With the requirements of patients for the comfort of bronchoscopy, the development and wide application of general anesthesia, according to the needs of different operations, under general anesthesia through laryngeal mask, endotracheal intubation and rigid bronchoscopy to remove large, sharp and bleeding risk foreign bodies, which can avoid air duct injury, reduce complications, reduce the pain of patients, and improve the comfort of patients. And there are many instruments that can be used under rigid bronchoscope, and a variety of special forceps can be used to remove all kinds of foreign bodies, especially large foreign bodies. Therefore, it is the quickest and most reliable method to remove airway foreign bodies through rigid bronchoscope.

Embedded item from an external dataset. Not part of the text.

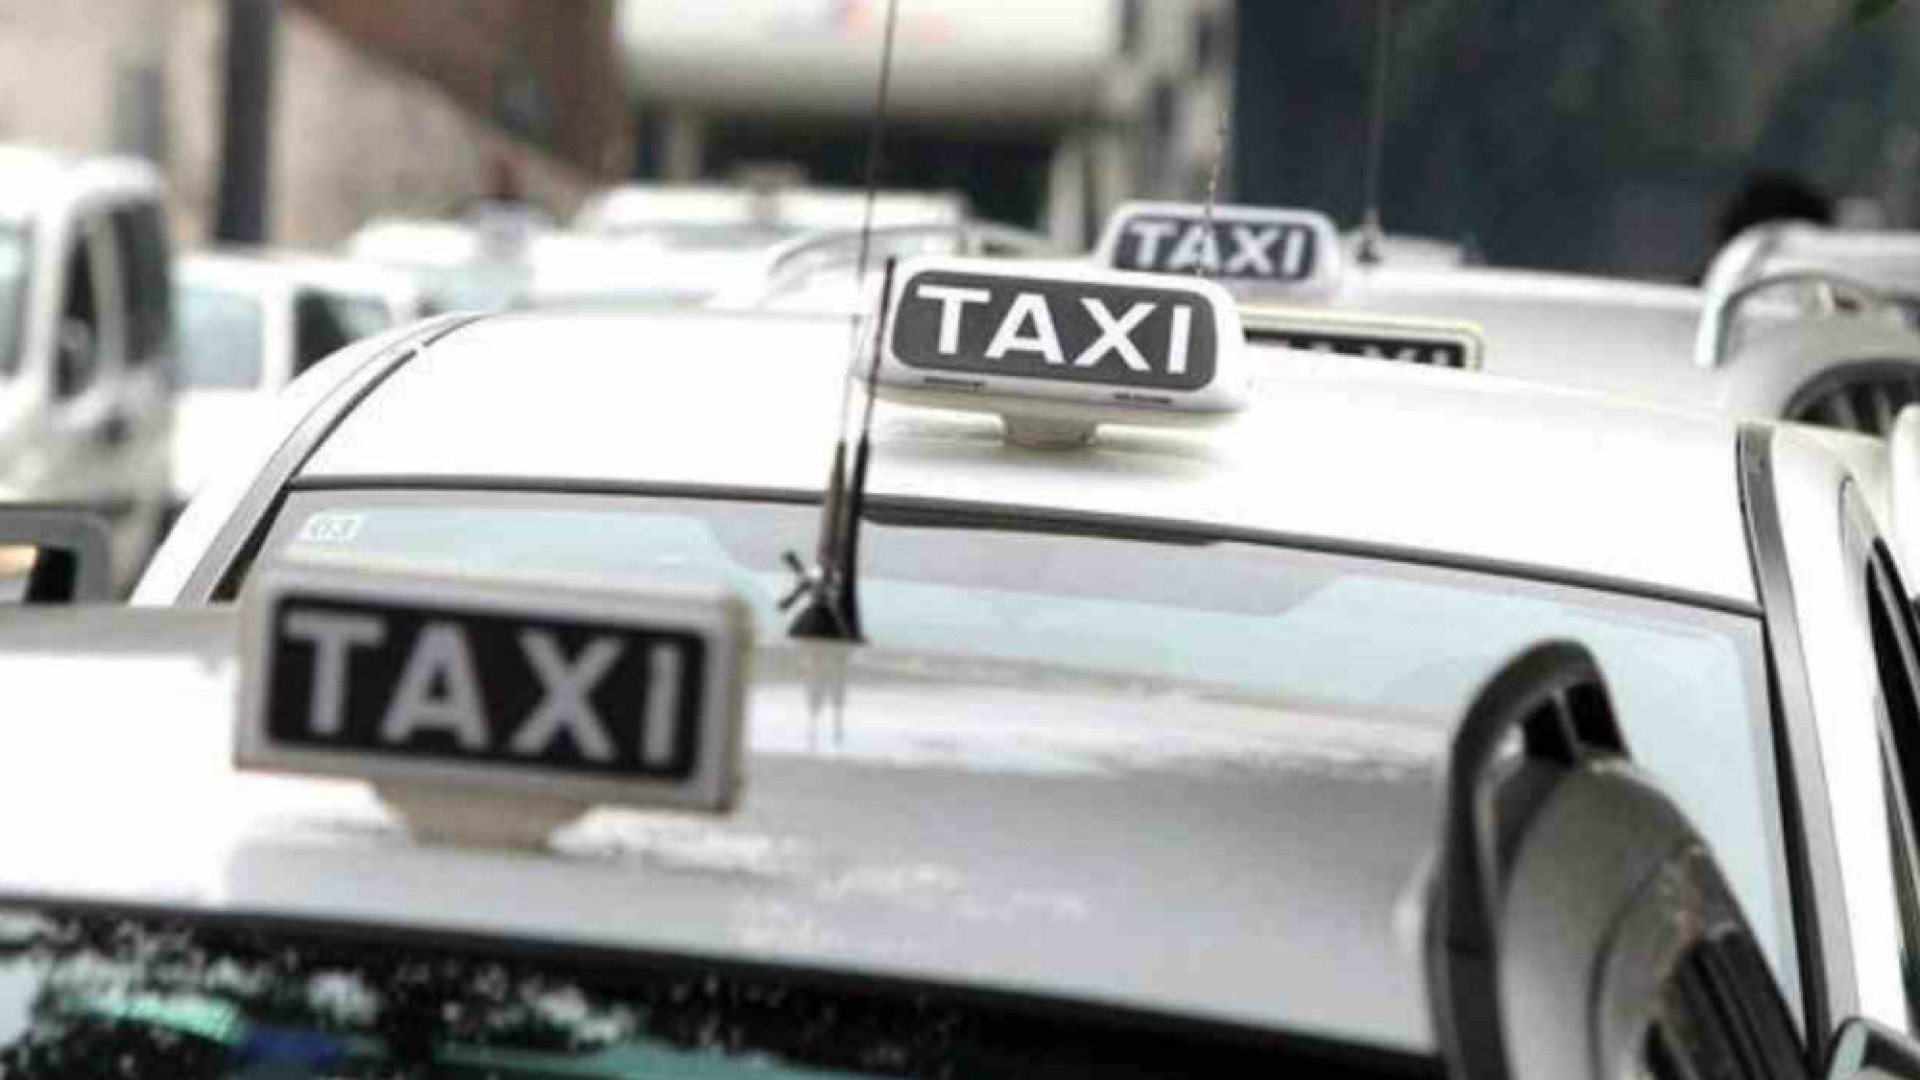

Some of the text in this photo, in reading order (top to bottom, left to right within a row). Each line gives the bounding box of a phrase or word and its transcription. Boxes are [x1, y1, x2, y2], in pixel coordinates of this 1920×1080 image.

In this study, we have retrospectively analyzed the clinical data of 38 adults who had undergone extraction of airway foreign bodies with bronchoscopy under general anesthesia in the Pneumology Department of Beijing Tiantan Hospital, Capital Medical University, from January 2005 to December 2014.
We present the following article in accordance with the STROBE reporting checklist (available at http://dx.doi.org/10.21037/jtd-20-2903).
Methods
General information
Altogether, 38 patients (26 men and 12 women) were included in this study. Subjects’ age ranged from 12 to 81 years, with an average age of 52.7 years. There were 30 cases of inhaled foreign bodies of exogenous origin, including metal or plastic pen caps, thumbtacks, dentures, teeth, various kinds of bones, nuts, kernels, and peppers. The duration of foreign body retention ranged from 1 day to 27 years, with an average duration of 37 months. There were 9 cases of accidental foreign body aspiration, accounting for 30.0%, the largest proportion of all cases of endogenous foreign body aspiration. Eight patients had a history of central nervous system diseases, including cerebral infarction, cerebral hemorrhage, or coma after brain tumor surgery and thus had a sequela of coughing while eating (26.7%). Five patients did not have a clear history of foreign body aspiration (16.7%); 2 patients had accidental aspirations while sleeping after receiving sedatives (6.7%). Two subjects had residual surgical sutures in their bodies (6.7%). One patient had sudden aspiration at an extremely early age (2 years), and the foreign body was found after 27 years on physical examination. One patient’s accidental aspiration was caused by a fall, which resulted from digestive tract hemorrhage and coma. In 1 patient, the clip for the occlusion of the tracheoesophageal fistula fell into the airway. Among the 30 patients abovementioned with endogenous foreign body aspiration, 17 had foreign bodies in their right bronchus, accounting for 56.7%; 10 had foreign bodies in their left bronchus, accounting for 33.3%; 2 patients had foreign bodies in both bronchi; the remaining one patient had a foreign body in the trachea. In 8 patients with endogenous foreign body aspiration, the foreign bodies were all bronchial stones of many sizes (see Table 1). This study was approved by the IRB of Beijing Tiantan Hospital Affiliated to Capital Medical University (No. JS2013-007-02). All procedures performed in this study involving human participants were in accordance with the Declaration of Helsinki (as revised in 2013). Individual consent for this retrospective analysis was waived.
Full table
Inclusion criteria: (I) patients who could not be taken out under local anesthesia, or patients could not tolerate and cooperate; (II) patients with large foreign body, sharp edge, difficult to pass through glottis under local anesthesia, and easy to damage the airway and even cause asphyxia; (III) patients with long stay time and serious local package, requiring high-frequency electrotome, laser, scissors and other high-risk operations; (IV) patients with risk of massive bleeding.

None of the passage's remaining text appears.